SSE2 based region multiply (fallback for when SSSE3 is unavailable)
This is perhaps more of a discussion rather than a request/report - just that I can't really find any other place where this is suitable (I hope this is okay with everyone!).
Thanks to GF-Complete, we have an ultra-fast SSSE3 shuffle-based method for GF region multiplication. Unfortunately, it does require a CPU with SSSE3 support. I've been trying to think up a compatible method for CPUs without byte shuffle support (but with SSE2 support, which is much more prevalent amongst CPUs), which is faster than the fallback to non-SIMD code.
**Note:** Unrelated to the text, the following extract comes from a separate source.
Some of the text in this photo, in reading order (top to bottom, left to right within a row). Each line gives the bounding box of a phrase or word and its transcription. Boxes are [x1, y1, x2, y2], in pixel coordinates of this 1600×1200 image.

I've come up with the following idea: https://github.com/animetosho/ParPar/blob/master/xor_depends/info.md
Whilst the idea isn't complex, an optimised implementation seems to be very complicated, and the method has a number of other warts.
The above page contains a link to a hacky patch for w=16, which you definitely don't want to merge (but might apply for testing purposes, if interested).
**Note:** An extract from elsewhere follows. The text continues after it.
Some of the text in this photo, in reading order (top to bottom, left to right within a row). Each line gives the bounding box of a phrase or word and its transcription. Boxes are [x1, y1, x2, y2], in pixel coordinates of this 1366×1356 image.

Now the thing is, I don't know much about the mathematics/science behind all of this at all, and in fact, have only started reading about erasure coding about two months ago. I don't know whether this approach has been tried before, and, as far as I can tell, does seem to be a viable method.
What I'm interested is: what is the viability of this, and what sort of improvements can be made? Any other feedback/suggestions/comments about such an SSE2 approach?